» **INPUT DATA**
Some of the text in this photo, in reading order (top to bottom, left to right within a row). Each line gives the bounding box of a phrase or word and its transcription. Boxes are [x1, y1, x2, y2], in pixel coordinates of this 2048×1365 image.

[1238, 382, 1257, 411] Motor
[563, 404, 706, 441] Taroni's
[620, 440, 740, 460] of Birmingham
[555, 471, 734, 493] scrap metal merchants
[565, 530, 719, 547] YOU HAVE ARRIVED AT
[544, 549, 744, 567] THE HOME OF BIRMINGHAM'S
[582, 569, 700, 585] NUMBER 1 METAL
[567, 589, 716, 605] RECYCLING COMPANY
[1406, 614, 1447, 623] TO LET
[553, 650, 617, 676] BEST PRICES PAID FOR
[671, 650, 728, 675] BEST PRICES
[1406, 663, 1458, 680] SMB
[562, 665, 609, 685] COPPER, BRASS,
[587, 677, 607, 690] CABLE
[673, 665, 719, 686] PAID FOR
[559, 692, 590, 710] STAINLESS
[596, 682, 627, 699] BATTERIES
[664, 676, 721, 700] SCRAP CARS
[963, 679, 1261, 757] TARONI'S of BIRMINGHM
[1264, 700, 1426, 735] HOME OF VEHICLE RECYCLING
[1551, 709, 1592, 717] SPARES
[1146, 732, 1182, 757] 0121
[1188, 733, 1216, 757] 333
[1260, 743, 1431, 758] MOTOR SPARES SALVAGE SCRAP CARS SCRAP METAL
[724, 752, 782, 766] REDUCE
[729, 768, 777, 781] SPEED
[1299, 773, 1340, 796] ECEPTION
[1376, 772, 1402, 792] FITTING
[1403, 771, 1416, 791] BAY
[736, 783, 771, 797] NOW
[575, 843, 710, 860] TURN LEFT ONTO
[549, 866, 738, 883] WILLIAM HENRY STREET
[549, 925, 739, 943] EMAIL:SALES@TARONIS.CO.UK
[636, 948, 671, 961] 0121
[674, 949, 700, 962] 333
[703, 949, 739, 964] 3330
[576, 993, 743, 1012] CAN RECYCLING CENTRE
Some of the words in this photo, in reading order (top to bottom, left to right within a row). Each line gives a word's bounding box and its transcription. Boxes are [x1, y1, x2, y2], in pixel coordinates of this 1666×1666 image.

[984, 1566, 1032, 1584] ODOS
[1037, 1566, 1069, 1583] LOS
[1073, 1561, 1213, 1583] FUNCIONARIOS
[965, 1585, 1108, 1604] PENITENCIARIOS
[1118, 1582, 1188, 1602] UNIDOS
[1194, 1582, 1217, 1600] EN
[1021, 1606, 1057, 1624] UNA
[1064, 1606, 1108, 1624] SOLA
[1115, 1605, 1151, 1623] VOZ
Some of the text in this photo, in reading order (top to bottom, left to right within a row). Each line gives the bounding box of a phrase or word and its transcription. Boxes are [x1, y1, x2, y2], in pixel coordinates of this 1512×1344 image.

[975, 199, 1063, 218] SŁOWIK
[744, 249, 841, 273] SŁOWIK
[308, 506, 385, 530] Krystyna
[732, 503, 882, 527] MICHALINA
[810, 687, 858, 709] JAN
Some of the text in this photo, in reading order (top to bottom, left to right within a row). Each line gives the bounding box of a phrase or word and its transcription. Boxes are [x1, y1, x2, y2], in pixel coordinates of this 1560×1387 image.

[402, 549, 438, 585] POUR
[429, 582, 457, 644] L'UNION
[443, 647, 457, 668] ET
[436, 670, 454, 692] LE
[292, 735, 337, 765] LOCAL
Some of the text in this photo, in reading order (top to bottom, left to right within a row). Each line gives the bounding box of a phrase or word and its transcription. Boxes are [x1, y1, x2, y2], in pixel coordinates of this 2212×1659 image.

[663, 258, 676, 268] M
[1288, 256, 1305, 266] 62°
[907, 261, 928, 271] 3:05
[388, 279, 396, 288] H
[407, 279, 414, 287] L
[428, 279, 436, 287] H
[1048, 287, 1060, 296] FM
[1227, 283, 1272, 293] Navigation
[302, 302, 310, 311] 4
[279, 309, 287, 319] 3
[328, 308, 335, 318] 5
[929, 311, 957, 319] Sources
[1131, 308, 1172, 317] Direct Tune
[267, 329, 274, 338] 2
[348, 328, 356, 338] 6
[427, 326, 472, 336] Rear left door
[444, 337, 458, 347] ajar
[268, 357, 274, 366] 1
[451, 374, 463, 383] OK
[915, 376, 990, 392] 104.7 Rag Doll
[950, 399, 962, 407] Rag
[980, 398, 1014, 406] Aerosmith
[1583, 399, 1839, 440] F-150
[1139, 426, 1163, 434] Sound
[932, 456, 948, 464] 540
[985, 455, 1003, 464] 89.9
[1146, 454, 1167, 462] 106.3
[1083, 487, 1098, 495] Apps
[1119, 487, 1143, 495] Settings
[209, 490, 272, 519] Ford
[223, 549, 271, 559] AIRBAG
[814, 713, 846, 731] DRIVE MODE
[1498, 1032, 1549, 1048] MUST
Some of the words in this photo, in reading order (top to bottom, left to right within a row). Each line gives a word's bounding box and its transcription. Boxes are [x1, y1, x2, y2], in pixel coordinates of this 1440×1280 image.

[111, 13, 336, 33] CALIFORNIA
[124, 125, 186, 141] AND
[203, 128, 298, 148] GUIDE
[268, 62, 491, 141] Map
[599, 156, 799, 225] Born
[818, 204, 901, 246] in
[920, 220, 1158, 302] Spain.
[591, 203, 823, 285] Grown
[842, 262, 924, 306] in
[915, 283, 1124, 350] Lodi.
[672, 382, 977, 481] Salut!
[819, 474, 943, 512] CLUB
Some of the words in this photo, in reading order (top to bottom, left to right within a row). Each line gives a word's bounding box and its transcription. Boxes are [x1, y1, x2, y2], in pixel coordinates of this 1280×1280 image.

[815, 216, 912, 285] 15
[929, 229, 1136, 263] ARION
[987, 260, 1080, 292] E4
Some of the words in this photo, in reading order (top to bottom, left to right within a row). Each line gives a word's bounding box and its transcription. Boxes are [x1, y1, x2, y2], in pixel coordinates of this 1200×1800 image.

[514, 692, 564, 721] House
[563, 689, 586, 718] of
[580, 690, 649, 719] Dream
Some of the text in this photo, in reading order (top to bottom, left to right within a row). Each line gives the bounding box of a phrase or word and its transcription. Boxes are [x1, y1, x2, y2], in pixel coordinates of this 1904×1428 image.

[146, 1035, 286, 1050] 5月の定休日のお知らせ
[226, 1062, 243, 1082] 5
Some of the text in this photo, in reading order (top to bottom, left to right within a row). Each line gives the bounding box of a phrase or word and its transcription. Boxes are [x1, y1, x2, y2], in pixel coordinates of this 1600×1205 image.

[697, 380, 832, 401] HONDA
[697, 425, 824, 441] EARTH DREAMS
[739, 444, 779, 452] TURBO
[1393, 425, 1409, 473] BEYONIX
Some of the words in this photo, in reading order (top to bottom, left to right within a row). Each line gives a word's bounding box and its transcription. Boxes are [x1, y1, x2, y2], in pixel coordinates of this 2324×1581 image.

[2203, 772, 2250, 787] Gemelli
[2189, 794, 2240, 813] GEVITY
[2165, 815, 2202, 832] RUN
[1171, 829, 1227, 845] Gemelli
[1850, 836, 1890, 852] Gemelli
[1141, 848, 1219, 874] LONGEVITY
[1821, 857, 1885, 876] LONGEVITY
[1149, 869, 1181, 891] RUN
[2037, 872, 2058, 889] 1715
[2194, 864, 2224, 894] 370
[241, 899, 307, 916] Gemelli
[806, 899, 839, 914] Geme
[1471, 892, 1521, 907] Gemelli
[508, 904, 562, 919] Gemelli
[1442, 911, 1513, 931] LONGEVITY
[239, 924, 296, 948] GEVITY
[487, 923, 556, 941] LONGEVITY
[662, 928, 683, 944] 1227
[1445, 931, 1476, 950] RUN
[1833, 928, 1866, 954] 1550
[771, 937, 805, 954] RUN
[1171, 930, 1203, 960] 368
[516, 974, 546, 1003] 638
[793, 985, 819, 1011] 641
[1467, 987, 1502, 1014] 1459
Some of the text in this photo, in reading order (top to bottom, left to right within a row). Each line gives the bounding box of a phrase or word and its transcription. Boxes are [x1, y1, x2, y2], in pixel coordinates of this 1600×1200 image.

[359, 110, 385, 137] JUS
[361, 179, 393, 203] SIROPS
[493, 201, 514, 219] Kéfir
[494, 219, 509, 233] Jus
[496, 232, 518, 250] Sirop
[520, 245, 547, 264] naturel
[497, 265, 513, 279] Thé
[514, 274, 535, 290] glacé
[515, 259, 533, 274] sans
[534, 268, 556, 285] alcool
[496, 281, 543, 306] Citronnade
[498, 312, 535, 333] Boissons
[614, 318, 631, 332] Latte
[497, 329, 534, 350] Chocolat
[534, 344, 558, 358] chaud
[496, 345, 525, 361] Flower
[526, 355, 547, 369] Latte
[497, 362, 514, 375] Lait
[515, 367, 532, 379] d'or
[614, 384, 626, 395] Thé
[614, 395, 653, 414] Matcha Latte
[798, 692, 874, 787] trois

» **ABOUT THIS EXERCISE**
Respond with an exact reproduction of the lines running from the one that contains "this 1600×1200 image." through the end of the material.

» **EXERCISE OUTPUT**
Some of the text in this photo, in reading order (top to bottom, left to right within a row). Each line gives the bounding box of a phrase or word and its transcription. Boxes are [x1, y1, x2, y2], in pixel coordinates of this 1600×1200 image.

[359, 110, 385, 137] JUS
[361, 179, 393, 203] SIROPS
[493, 201, 514, 219] Kéfir
[494, 219, 509, 233] Jus
[496, 232, 518, 250] Sirop
[520, 245, 547, 264] naturel
[497, 265, 513, 279] Thé
[514, 274, 535, 290] glacé
[515, 259, 533, 274] sans
[534, 268, 556, 285] alcool
[496, 281, 543, 306] Citronnade
[498, 312, 535, 333] Boissons
[614, 318, 631, 332] Latte
[497, 329, 534, 350] Chocolat
[534, 344, 558, 358] chaud
[496, 345, 525, 361] Flower
[526, 355, 547, 369] Latte
[497, 362, 514, 375] Lait
[515, 367, 532, 379] d'or
[614, 384, 626, 395] Thé
[614, 395, 653, 414] Matcha Latte
[798, 692, 874, 787] trois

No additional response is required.